Renal Flashcards
Diminished renal reserve (GFR, BUN, Creatinine, presentation)
GFR is 50%, BUN and creatinine are normal, asymptomatic
Renal insufficiency (GFR, BUN, creatinine, presentation)
GFR is 20-50% of normal. Anemia and HTN. Polyuria and nocturia
Chronic renal failure (GFR, BUN, creatinine, presentation)
GFR is <20-25% of normal. Edema, acidosis, hyperkalemia, uremia with neuro, GI and CV complications
End stage renal disease (GFR, BUN, creatinine, presentation)
GFR < 5%, terminal stage of uremia
Nephritic syndrome
hematuria, azotemia, variable proteinuria, oliguria, edema, HTN –> glomerular
Nephrotic syndrome
> 3.5 g/day proteinuria, hypoalbuminemia, hyperlipidemia, lipiduria
- comes from increased permeability to plasma proteins with massive proteinuria
- sodium and water retention
Poststreptococcal Postinfectious Glomerulonephritis (acute proliferative)

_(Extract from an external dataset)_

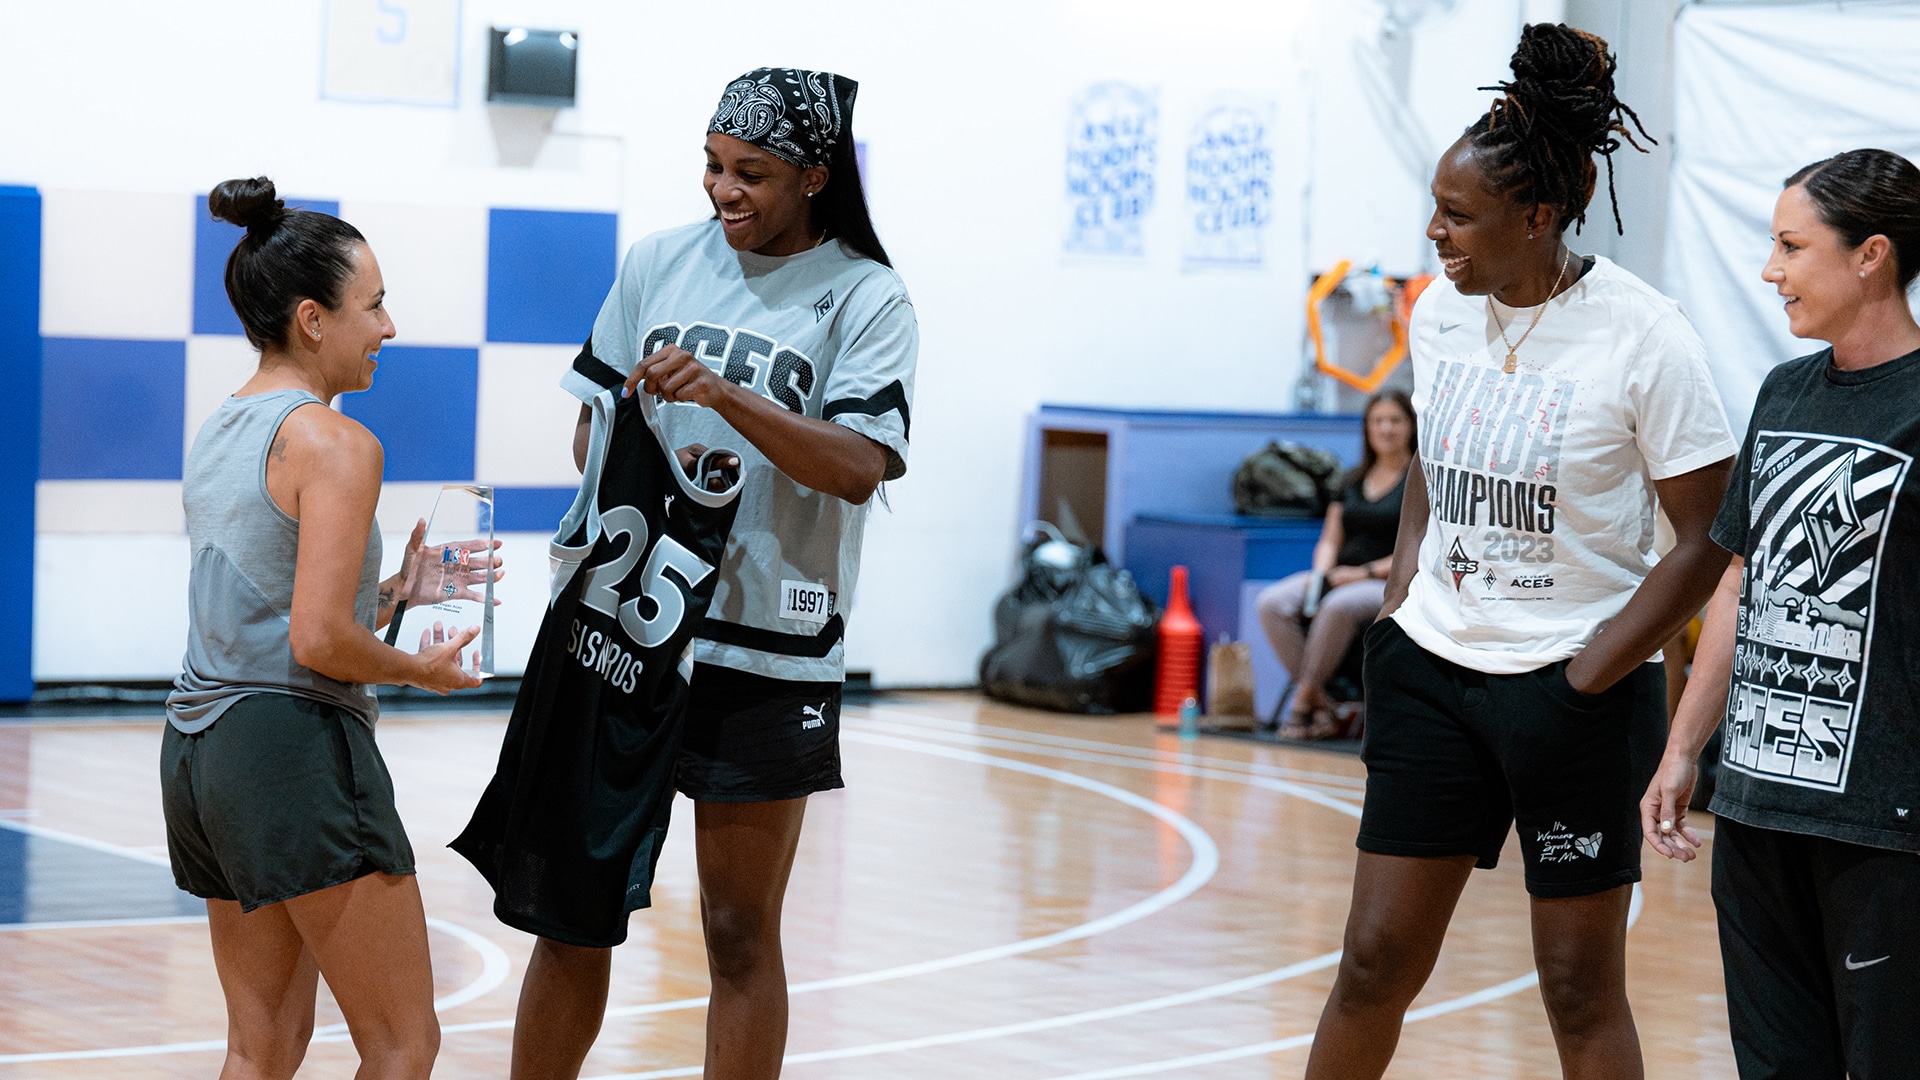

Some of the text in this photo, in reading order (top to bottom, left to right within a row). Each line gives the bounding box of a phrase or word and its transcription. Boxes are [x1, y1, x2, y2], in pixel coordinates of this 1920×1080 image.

Onset: 1-4 weeks post strep infection
Age: 6-10 years of age
Types: 12, 4, 1 of M protein of cell wall
Path: immune mediated nephritic syndrome
Light microscopy: enlarged hypercellular glomeruli with infiltration of leukocytes (neutrophils and monocytes), proliferation of endo and mesangial cells, severely crescent formation
IF: granular IgG and C3 in mesangium
EM: electron dense deposites in subepi humps
Course: 1. malaise, fever, nausea, oliguria, hematuria with red cell casts in urine, proteinuria, periorbital edema, mild HTN –> children
2. HTN or edema with increased BUN –> adults
Prognosis: full recovery in 95% or get rapidly progressive glomerulonephritis –>children
full recovery in 60% or go to proteinuria, hematuria, HTN–> adults
Nonstreptococcal acute glomerulonephritis
similar to poststrep –> staph endocarditis, pneumo, meningococcemia, hep B, hep C, mumps, HIV, varicella, IM, malaria, toxoplasmosis
IF: subepi humps
Rapidly progressive glomerulonephritis
Age: any age
Onset: rapid
Path: immune mediated, severe glomerular injury
3 types: Type I –> anti GBM antibody (goodpastures)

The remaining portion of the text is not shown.